Assignment:
Scan the records for lines with the string "Cerqueira". Say how many there are, and add nothing.

Source material:
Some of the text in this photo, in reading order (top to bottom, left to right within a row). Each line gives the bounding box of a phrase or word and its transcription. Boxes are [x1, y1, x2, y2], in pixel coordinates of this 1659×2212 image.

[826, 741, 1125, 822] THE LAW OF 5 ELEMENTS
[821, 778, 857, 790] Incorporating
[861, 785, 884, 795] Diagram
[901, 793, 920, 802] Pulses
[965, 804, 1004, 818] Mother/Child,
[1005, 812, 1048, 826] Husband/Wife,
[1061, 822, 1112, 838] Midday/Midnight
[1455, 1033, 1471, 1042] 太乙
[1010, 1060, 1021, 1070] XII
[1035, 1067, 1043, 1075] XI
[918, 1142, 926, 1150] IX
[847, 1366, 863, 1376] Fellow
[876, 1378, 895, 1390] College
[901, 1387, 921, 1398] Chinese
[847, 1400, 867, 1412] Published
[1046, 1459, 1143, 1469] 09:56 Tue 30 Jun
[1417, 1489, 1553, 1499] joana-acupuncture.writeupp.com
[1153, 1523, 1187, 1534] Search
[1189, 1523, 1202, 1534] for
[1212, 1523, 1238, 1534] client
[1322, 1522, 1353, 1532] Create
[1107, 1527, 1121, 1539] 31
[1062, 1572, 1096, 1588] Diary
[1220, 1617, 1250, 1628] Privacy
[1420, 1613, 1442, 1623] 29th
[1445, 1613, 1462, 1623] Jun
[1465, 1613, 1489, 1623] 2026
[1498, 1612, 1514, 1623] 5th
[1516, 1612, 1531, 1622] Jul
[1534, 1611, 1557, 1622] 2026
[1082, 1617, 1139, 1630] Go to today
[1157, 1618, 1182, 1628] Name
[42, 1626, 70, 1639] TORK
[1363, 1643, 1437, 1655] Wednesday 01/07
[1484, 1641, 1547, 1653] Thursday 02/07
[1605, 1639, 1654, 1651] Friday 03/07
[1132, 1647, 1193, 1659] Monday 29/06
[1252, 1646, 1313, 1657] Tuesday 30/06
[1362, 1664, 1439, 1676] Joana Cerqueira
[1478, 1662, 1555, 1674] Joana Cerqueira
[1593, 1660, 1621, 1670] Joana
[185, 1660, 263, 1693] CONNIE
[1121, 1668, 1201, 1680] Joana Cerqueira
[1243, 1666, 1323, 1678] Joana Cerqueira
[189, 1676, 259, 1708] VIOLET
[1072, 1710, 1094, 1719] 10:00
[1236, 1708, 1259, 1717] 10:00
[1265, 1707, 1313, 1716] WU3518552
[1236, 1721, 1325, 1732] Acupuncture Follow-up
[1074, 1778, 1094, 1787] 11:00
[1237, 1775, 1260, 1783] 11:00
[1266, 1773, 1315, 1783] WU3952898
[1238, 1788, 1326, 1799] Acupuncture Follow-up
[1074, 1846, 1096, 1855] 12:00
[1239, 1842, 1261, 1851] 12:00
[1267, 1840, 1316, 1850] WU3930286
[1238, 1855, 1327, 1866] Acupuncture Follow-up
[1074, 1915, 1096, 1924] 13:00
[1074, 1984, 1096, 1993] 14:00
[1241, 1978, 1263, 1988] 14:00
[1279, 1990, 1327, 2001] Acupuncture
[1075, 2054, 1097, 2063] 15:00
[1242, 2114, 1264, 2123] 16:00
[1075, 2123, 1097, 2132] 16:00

Solution for this exercise:
4